Please retype the records below exactly as they appear, but leave out the pictures.

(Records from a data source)
↓↓↓

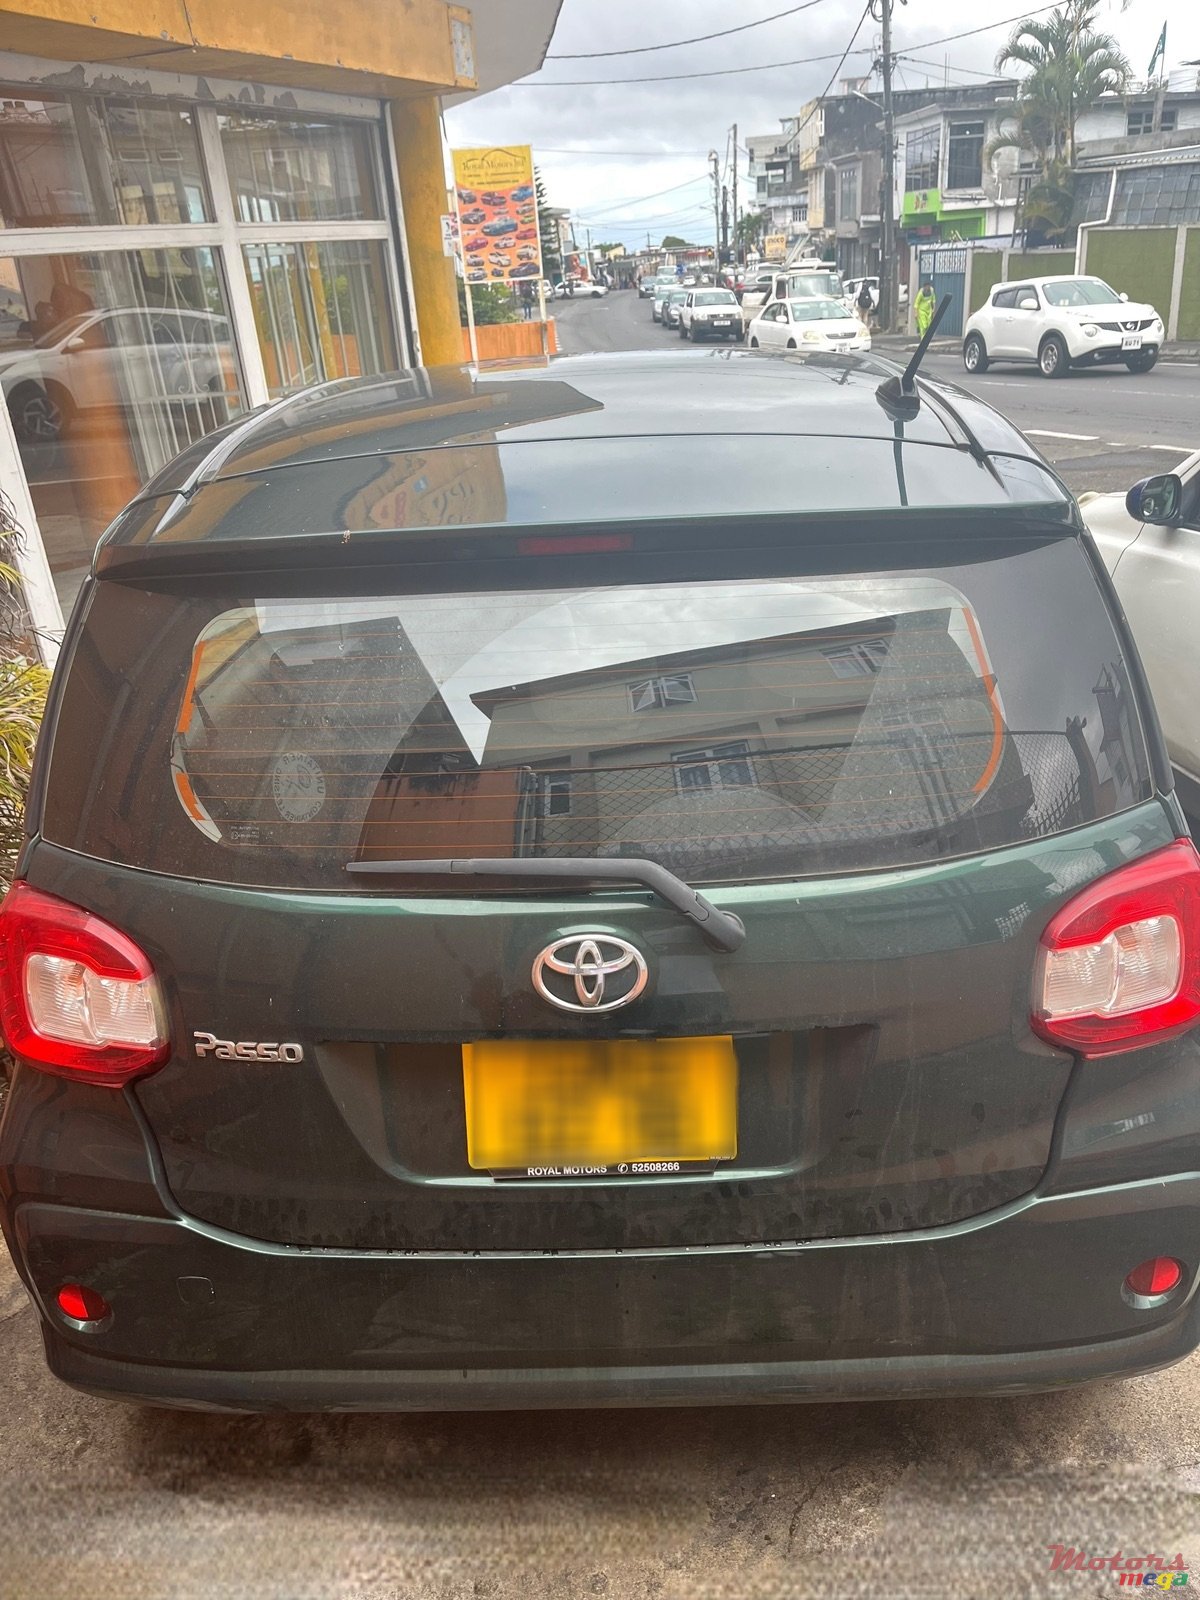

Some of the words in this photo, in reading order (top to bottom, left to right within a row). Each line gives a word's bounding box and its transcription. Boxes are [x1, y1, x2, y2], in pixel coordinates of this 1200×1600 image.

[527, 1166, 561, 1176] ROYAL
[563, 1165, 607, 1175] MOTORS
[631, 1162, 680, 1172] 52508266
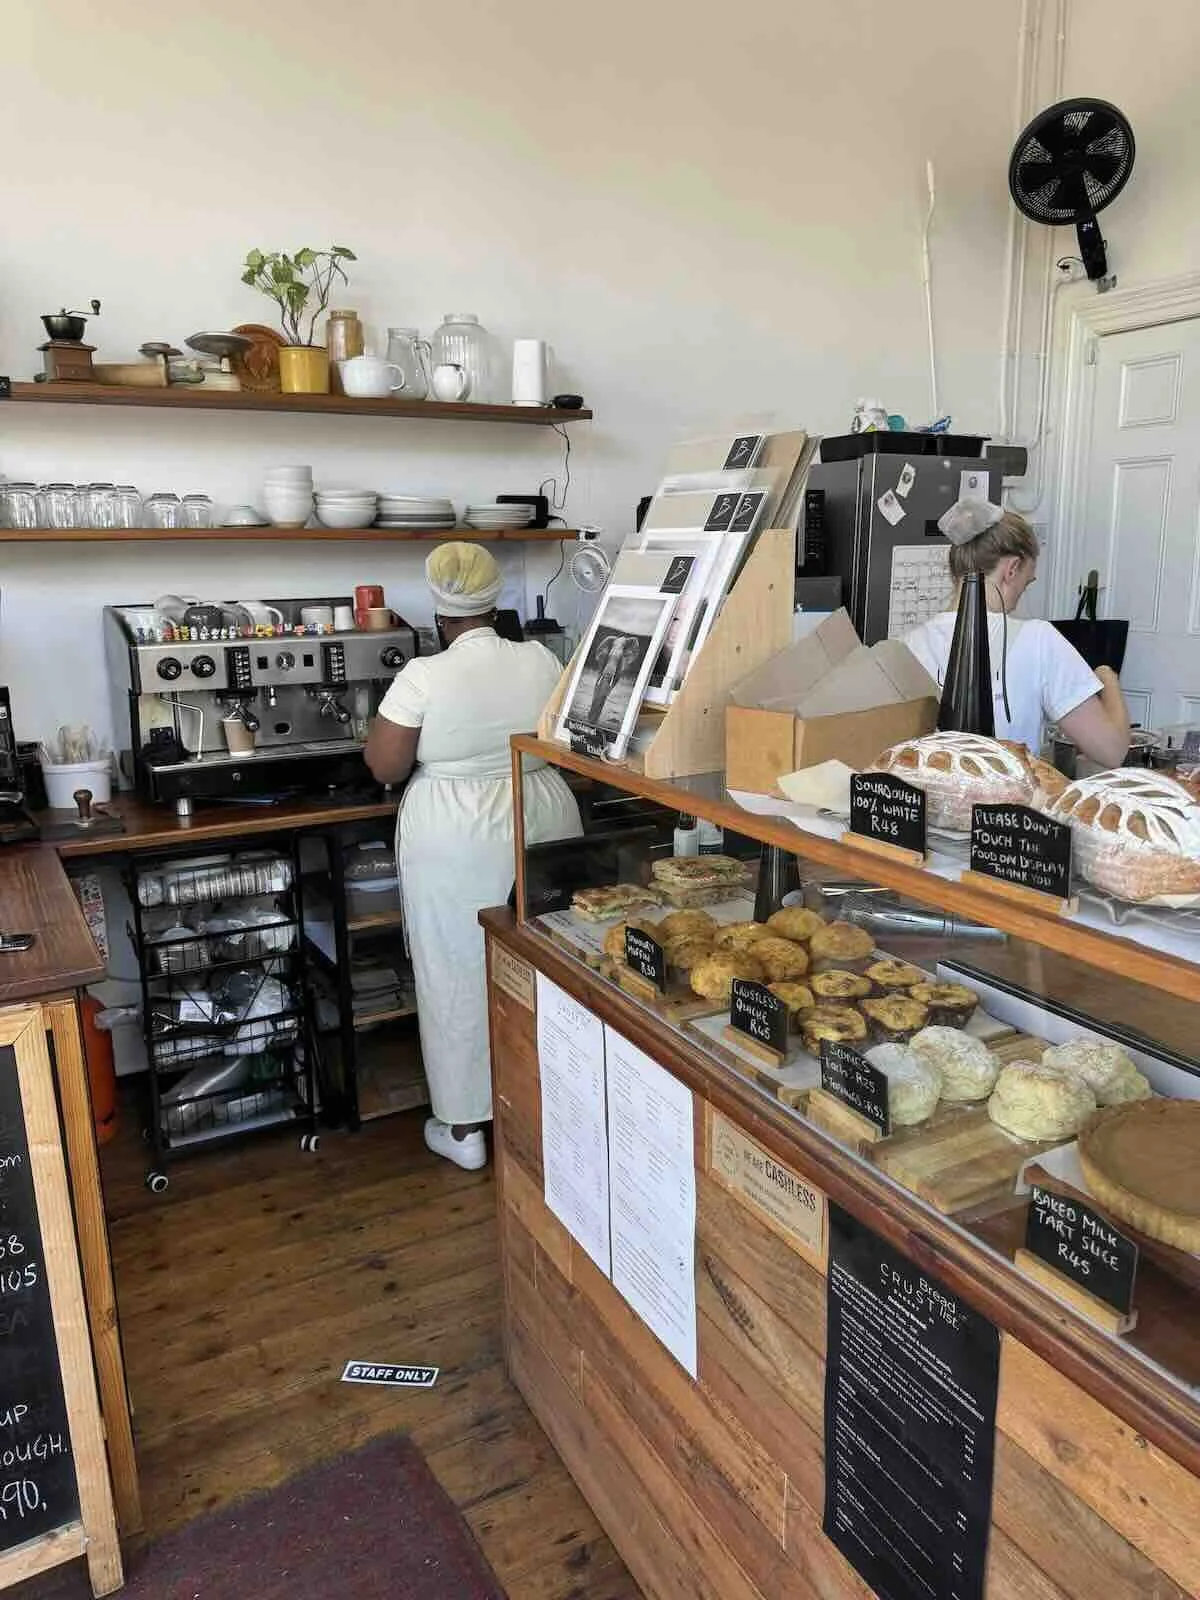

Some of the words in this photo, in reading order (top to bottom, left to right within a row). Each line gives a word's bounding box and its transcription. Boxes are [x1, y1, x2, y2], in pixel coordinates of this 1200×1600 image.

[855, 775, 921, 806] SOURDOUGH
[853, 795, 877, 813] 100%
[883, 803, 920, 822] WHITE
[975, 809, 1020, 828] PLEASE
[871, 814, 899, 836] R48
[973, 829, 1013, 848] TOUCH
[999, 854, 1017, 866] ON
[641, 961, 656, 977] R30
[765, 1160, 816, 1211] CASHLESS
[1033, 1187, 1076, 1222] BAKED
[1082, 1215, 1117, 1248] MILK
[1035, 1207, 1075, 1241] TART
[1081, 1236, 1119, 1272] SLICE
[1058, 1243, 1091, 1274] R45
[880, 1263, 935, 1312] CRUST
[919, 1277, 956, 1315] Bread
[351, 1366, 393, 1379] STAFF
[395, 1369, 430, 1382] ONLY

↑↑↑

• **EXPECTED ANSWER**
Some of the words in this photo, in reading order (top to bottom, left to right within a row). Each line gives a word's bounding box and its transcription. Boxes are [x1, y1, x2, y2], in pixel coordinates of this 1200×1600 image.

[527, 1166, 561, 1176] ROYAL
[563, 1165, 607, 1175] MOTORS
[631, 1162, 680, 1172] 52508266

Some of the words in this photo, in reading order (top to bottom, left to right within a row). Each line gives a word's bounding box and its transcription. Boxes are [x1, y1, x2, y2], in pixel coordinates of this 1200×1600 image.

[855, 775, 921, 806] SOURDOUGH
[853, 795, 877, 813] 100%
[883, 803, 920, 822] WHITE
[975, 809, 1020, 828] PLEASE
[871, 814, 899, 836] R48
[973, 829, 1013, 848] TOUCH
[999, 854, 1017, 866] ON
[641, 961, 656, 977] R30
[765, 1160, 816, 1211] CASHLESS
[1033, 1187, 1076, 1222] BAKED
[1082, 1215, 1117, 1248] MILK
[1035, 1207, 1075, 1241] TART
[1081, 1236, 1119, 1272] SLICE
[1058, 1243, 1091, 1274] R45
[880, 1263, 935, 1312] CRUST
[919, 1277, 956, 1315] Bread
[351, 1366, 393, 1379] STAFF
[395, 1369, 430, 1382] ONLY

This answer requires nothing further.